EXERCISE –
Keep the images out and copy every entry below exactly.

GIVEN ENTRIES –

┄┄┄┄┄┄┄┄┄┄

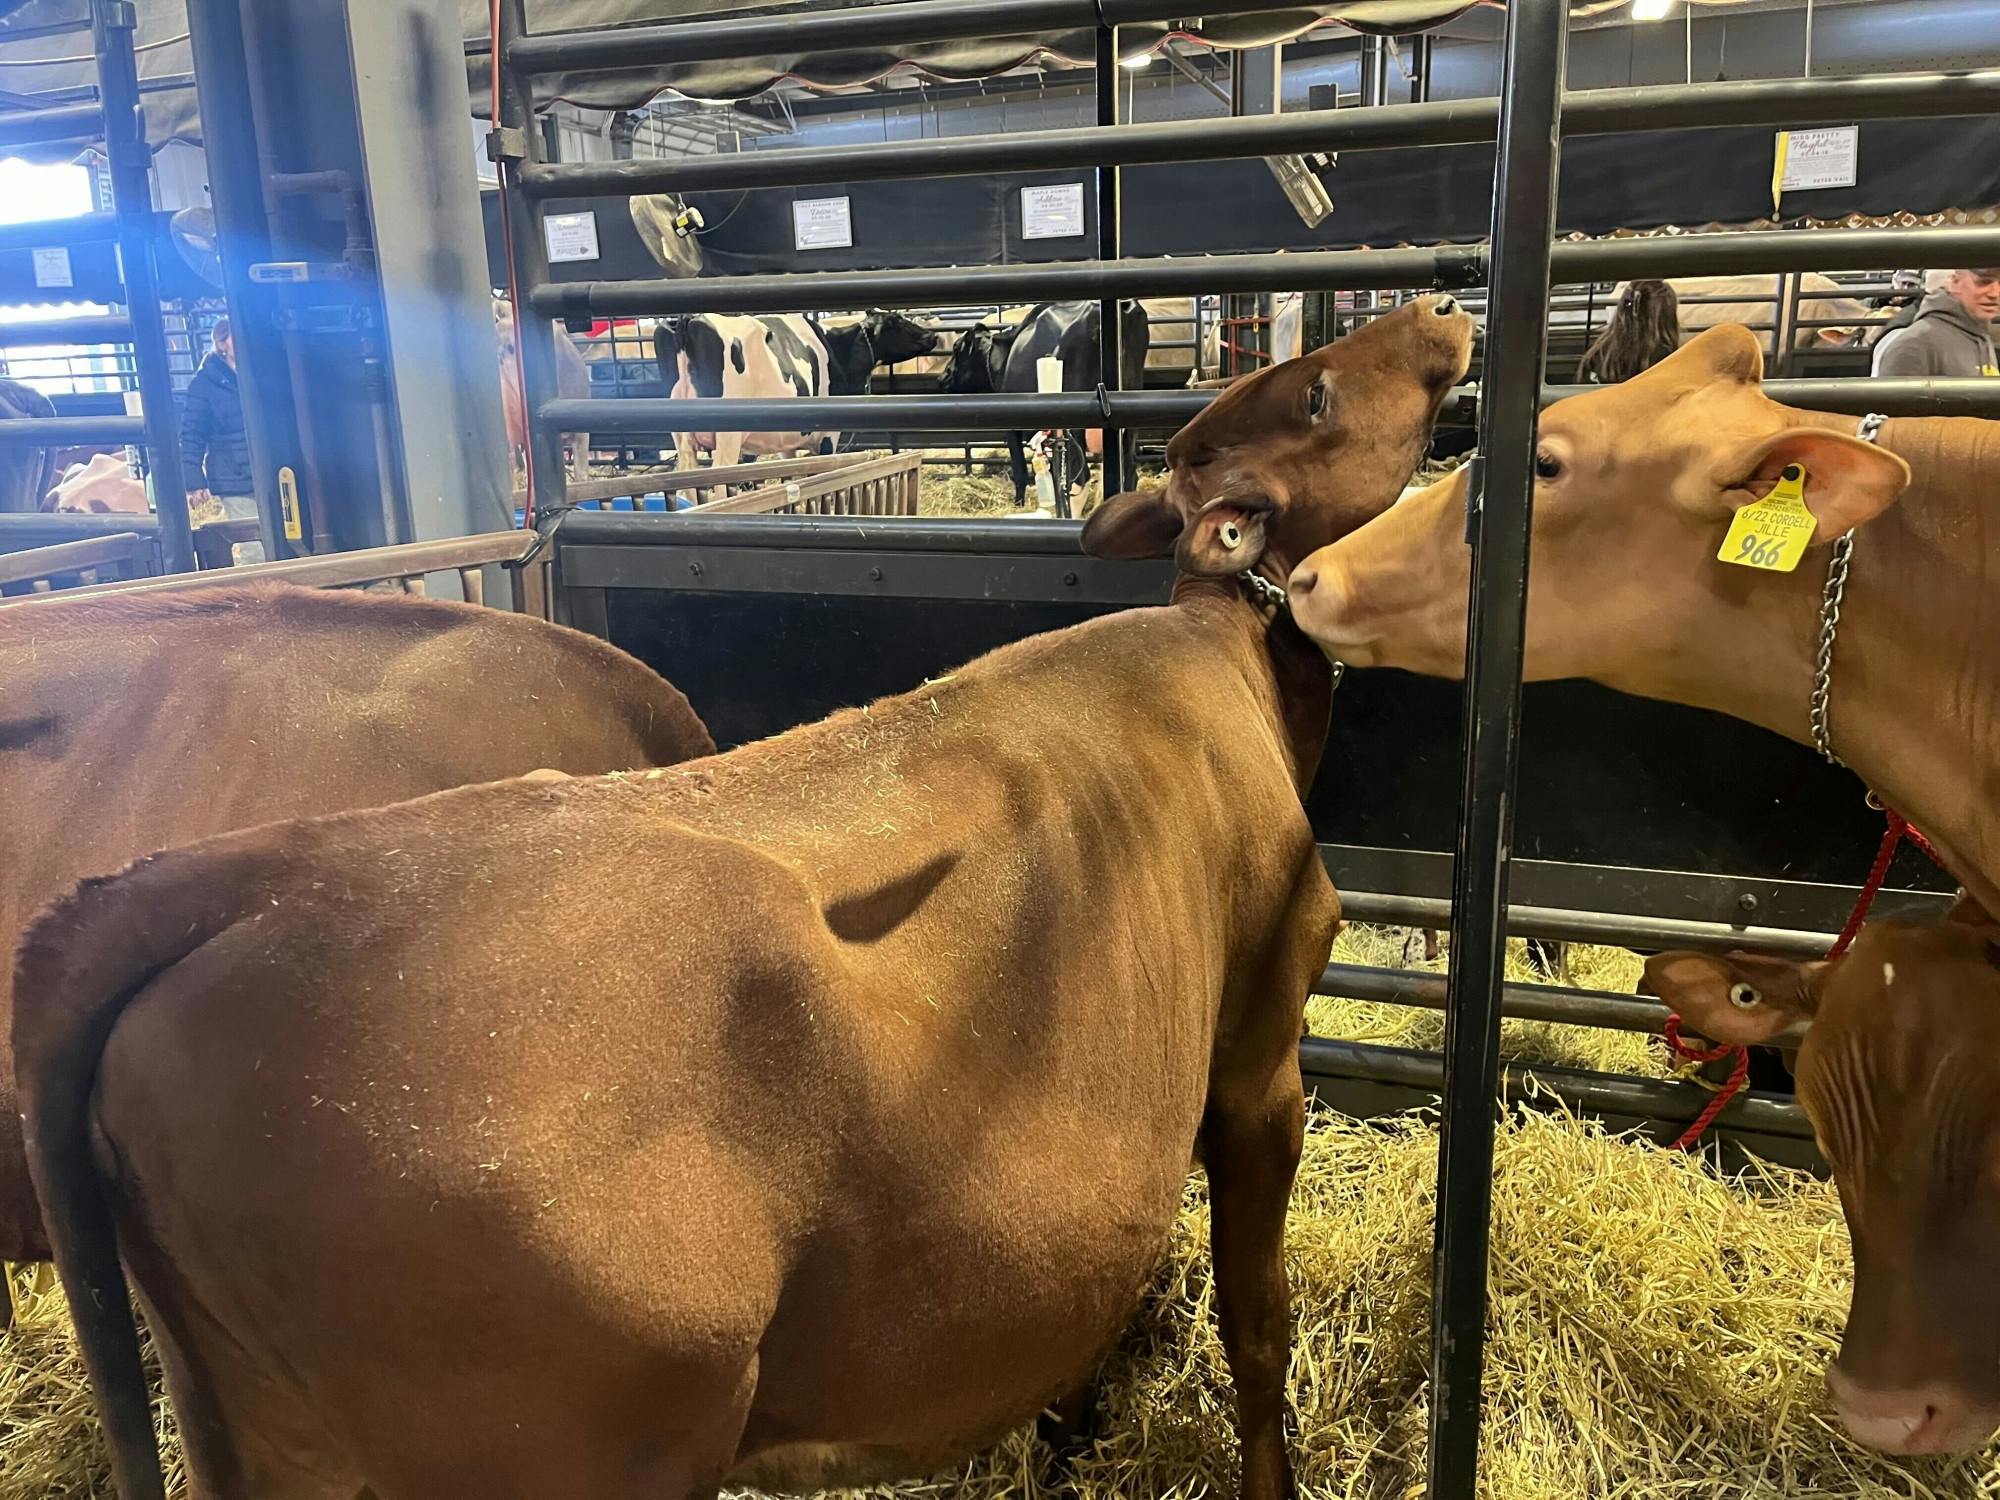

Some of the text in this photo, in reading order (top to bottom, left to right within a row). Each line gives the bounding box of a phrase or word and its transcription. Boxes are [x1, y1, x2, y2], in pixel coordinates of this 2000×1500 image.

[1741, 508, 1769, 522] 6/22
[1769, 512, 1811, 529] CORDELL
[1754, 523, 1791, 538] JILLE
[1734, 534, 1788, 567] 966
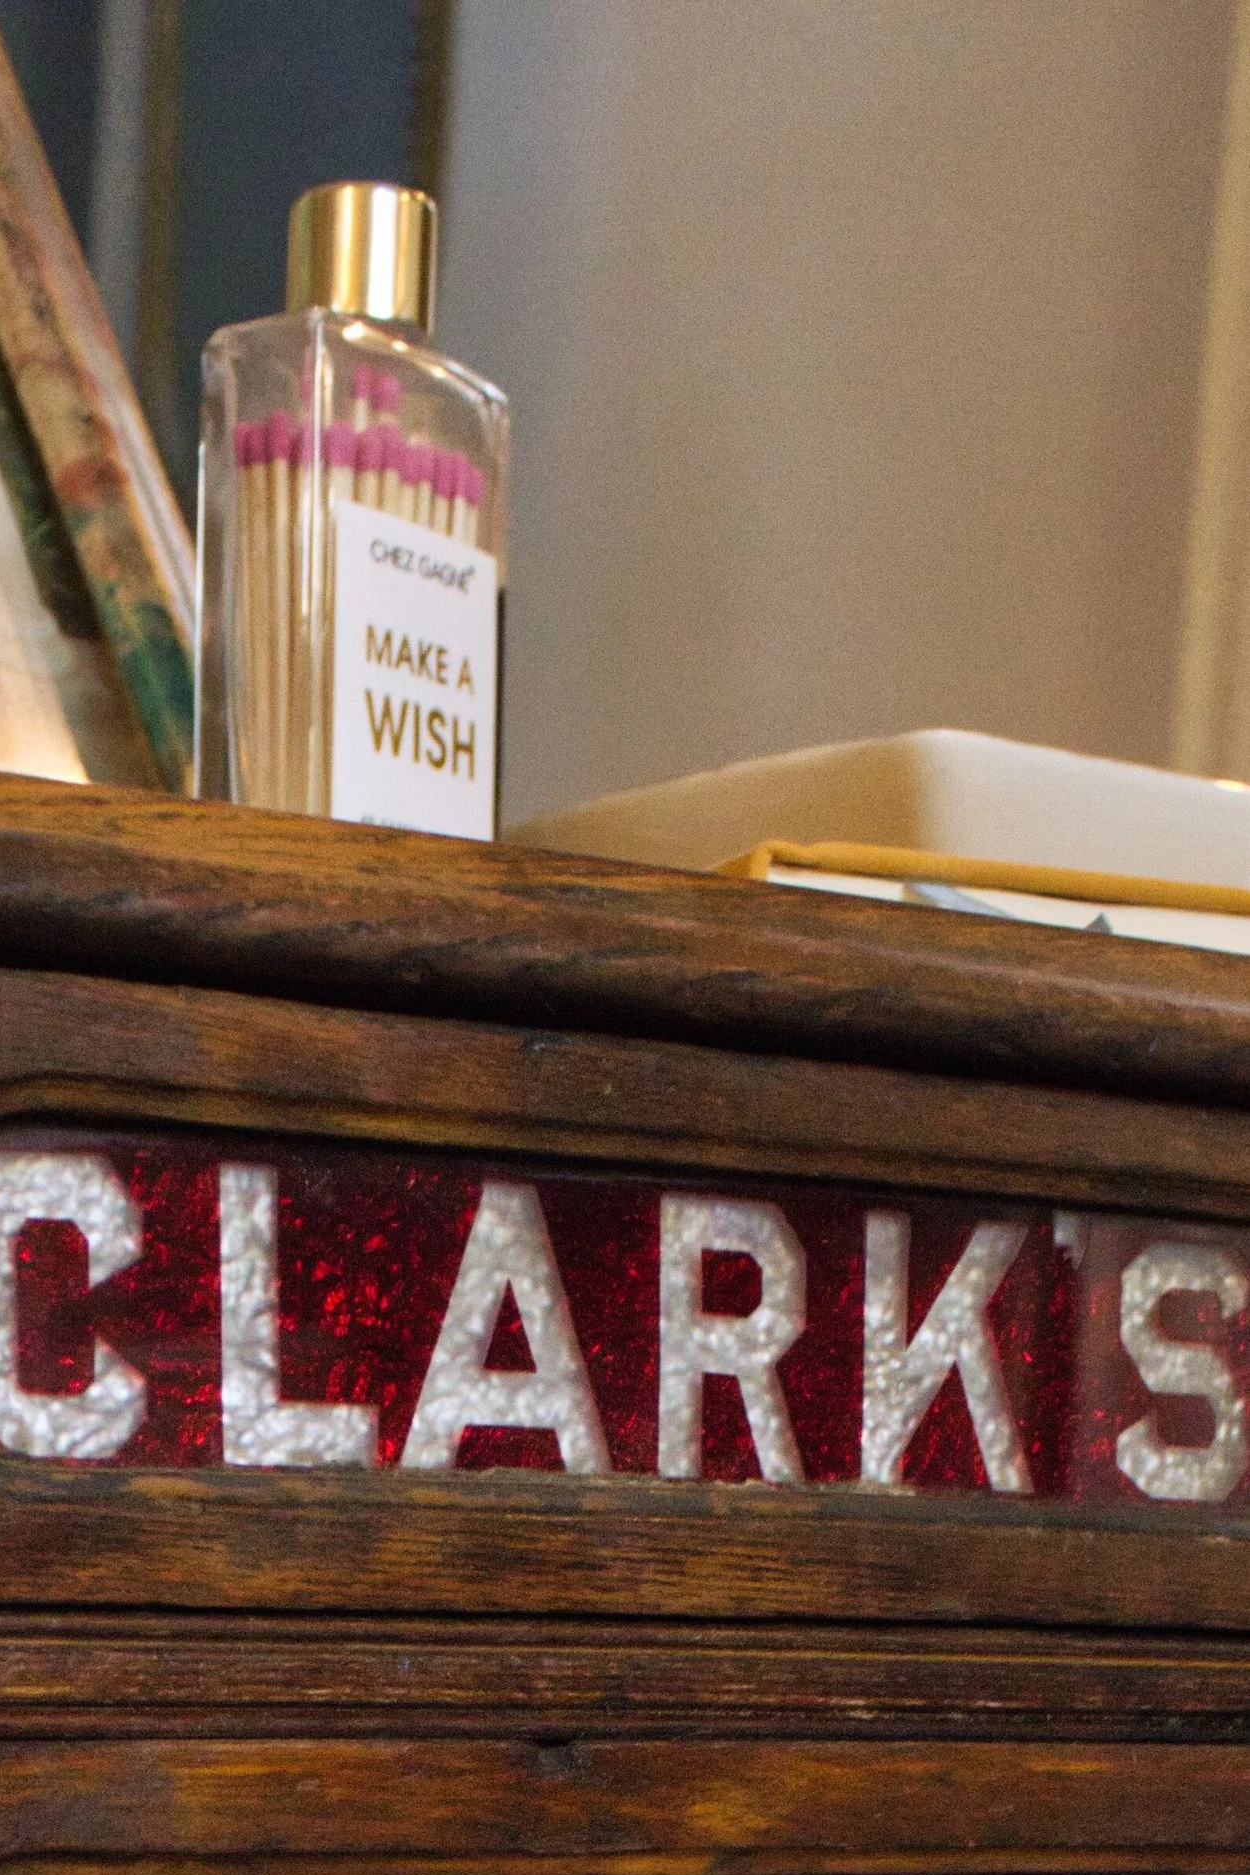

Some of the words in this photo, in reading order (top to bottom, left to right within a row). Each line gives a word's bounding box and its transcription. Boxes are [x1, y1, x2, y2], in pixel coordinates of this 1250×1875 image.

[366, 623, 448, 686] MAKE
[456, 656, 475, 695] A
[364, 687, 476, 781] WISH

┄┄┄┄┄┄┄┄┄┄

YOUR RESPONSE –
Some of the text in this photo, in reading order (top to bottom, left to right within a row). Each line gives the bounding box of a phrase or word and its transcription. Boxes are [x1, y1, x2, y2], in pixel coordinates of this 2000×1500 image.

[1741, 508, 1769, 522] 6/22
[1769, 512, 1811, 529] CORDELL
[1754, 523, 1791, 538] JILLE
[1734, 534, 1788, 567] 966

Some of the words in this photo, in reading order (top to bottom, left to right within a row). Each line gives a word's bounding box and its transcription. Boxes are [x1, y1, x2, y2], in pixel coordinates of this 1250×1875 image.

[366, 623, 448, 686] MAKE
[456, 656, 475, 695] A
[364, 687, 476, 781] WISH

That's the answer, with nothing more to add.